Feasibility of Multimodal MRI-Based Deep Learning Prediction of High Amino Acid Uptake Regions and Survival in Patients With Glioblastoma

Purpose: Amino acid PET has shown high accuracy for the diagnosis and prognostication of malignant gliomas, however, this imaging modality is not widely available in clinical practice. This study explores a novel end-to-end deep learning framework (“U-Net”) for its feasibility to detect high amino acid uptake glioblastoma regions (i.e., metabolic tumor volume) using clinical multimodal MRI sequences. Methods: T2, fluid-attenuated inversion recovery (FLAIR), apparent diffusion coefficient map, contrast-enhanced T1, and alpha-[(11)C]-methyl-L-tryptophan (AMT)-PET images were analyzed in 21 patients with newly-diagnosed glioblastoma. U-Net system with data augmentation was implemented to deeply learn non-linear voxel-wise relationships between intensities of multimodal MRI as the input and metabolic tumor volume from AMT-PET as the output. The accuracy of the MRI- and PET-based volume measures to predict progression-free survival was tested.
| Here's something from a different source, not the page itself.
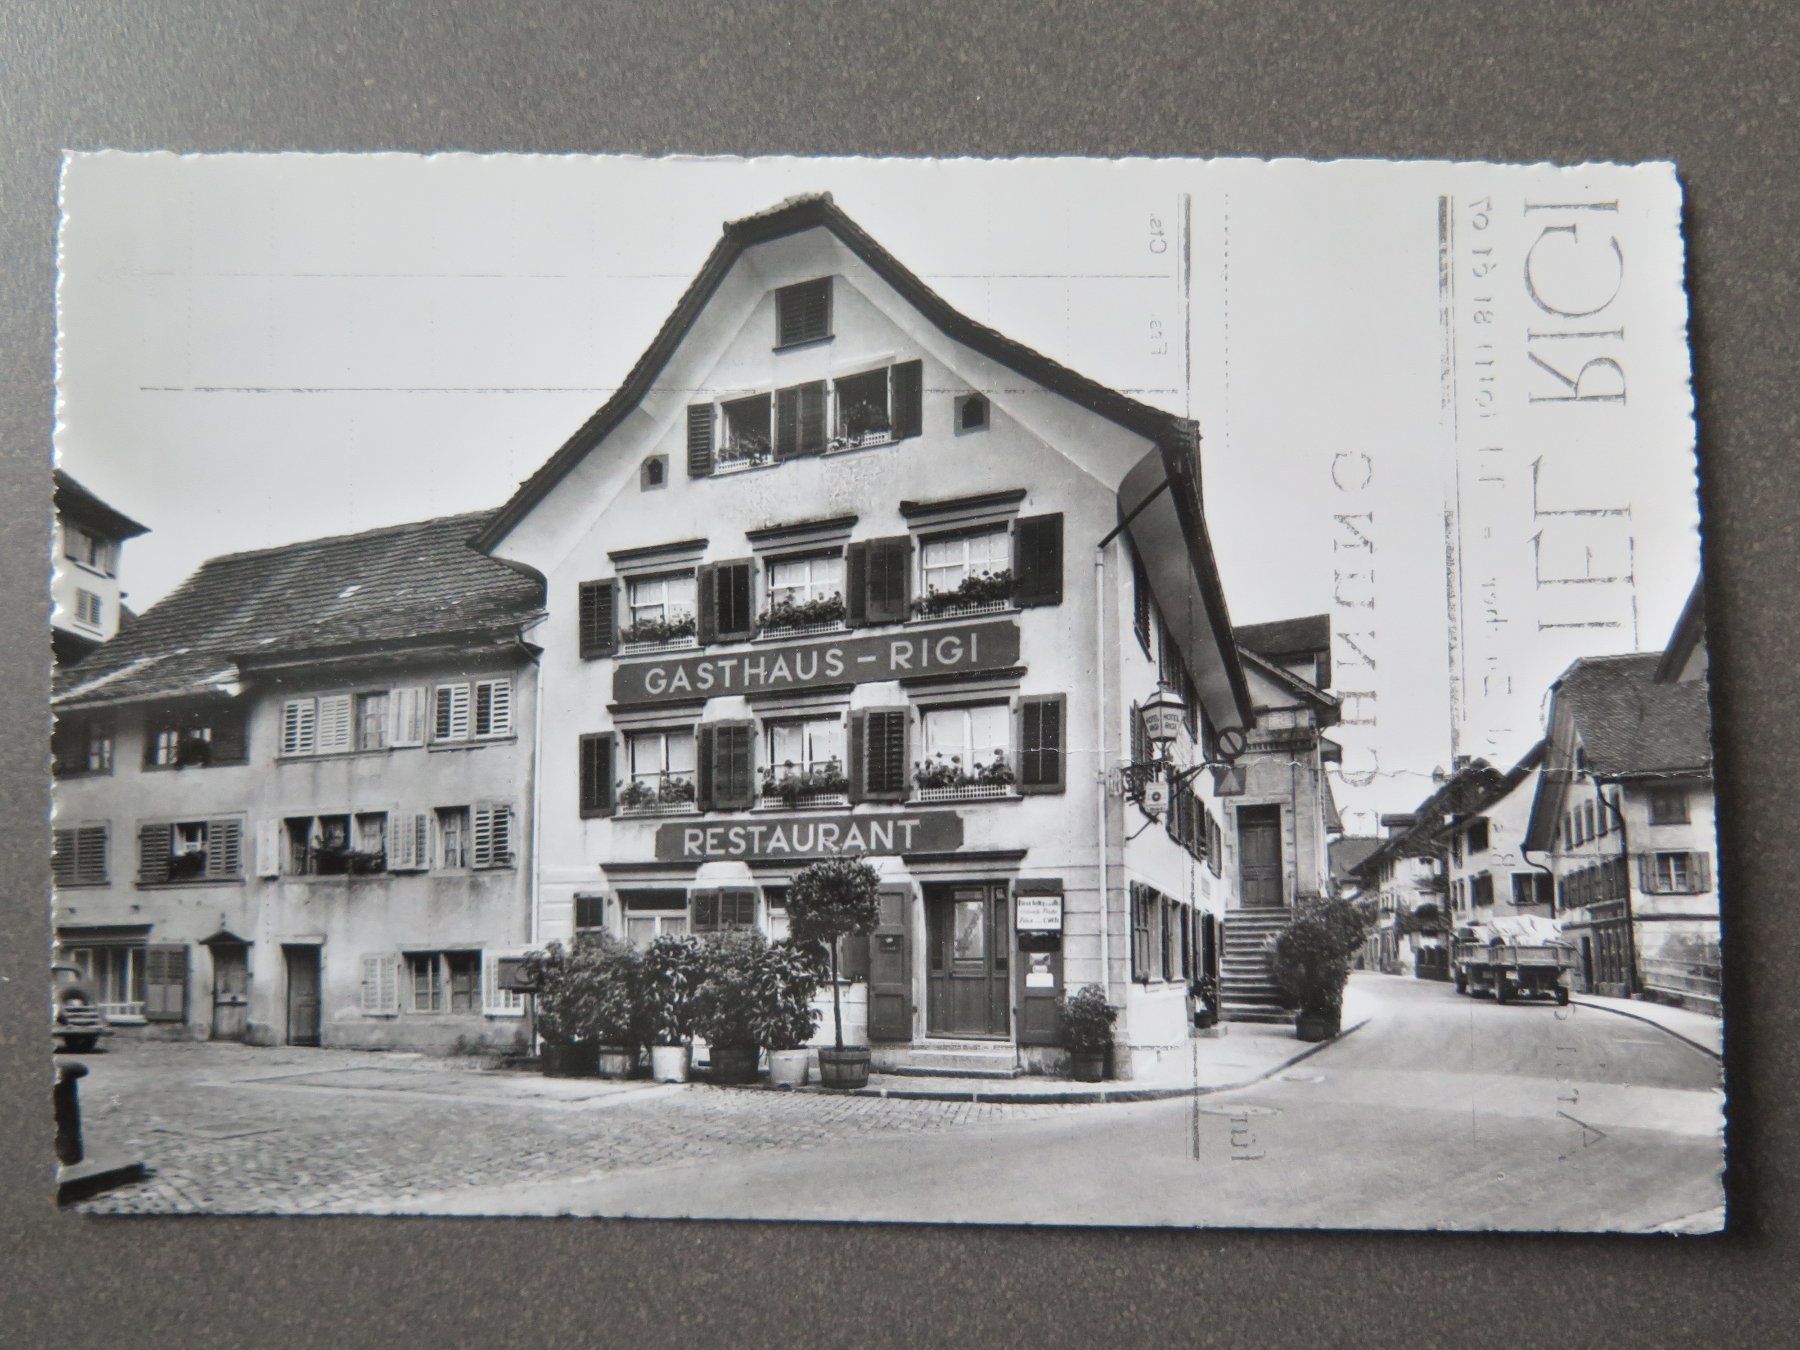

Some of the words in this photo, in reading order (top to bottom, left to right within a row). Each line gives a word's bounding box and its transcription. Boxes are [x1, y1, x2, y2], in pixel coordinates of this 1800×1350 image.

Results: In the augmented dataset using all four MRI modalities to investigate the upper limit of U-Net accuracy in the full study cohort, U-Net achieved high accuracy (sensitivity/specificity/positive predictive value [PPV]/negative predictive value [NPV]: 0.85/1.00/0.81/1.00, respectively) to predict PET-defined tumor volumes. Exclusion of FLAIR from the MRI input set had a strong negative effect on sensitivity (0.60). In repeated hold out validation in randomly selected subjects, specificity and NPV remained high (1.00), but mean sensitivity (0.62), and PPV (0.68) were moderate. AMT-PET-learned MRI tumor volume from this U-net model within the contrast-enhancing volume predicted 6-month progression-free survival with 0.86/0.63 sensitivity/specificity. Conclusions: These data indicate the feasibility of PET-based deep learning for enhanced pretreatment glioblastoma delineation and prognostication by clinical multimodal MRI.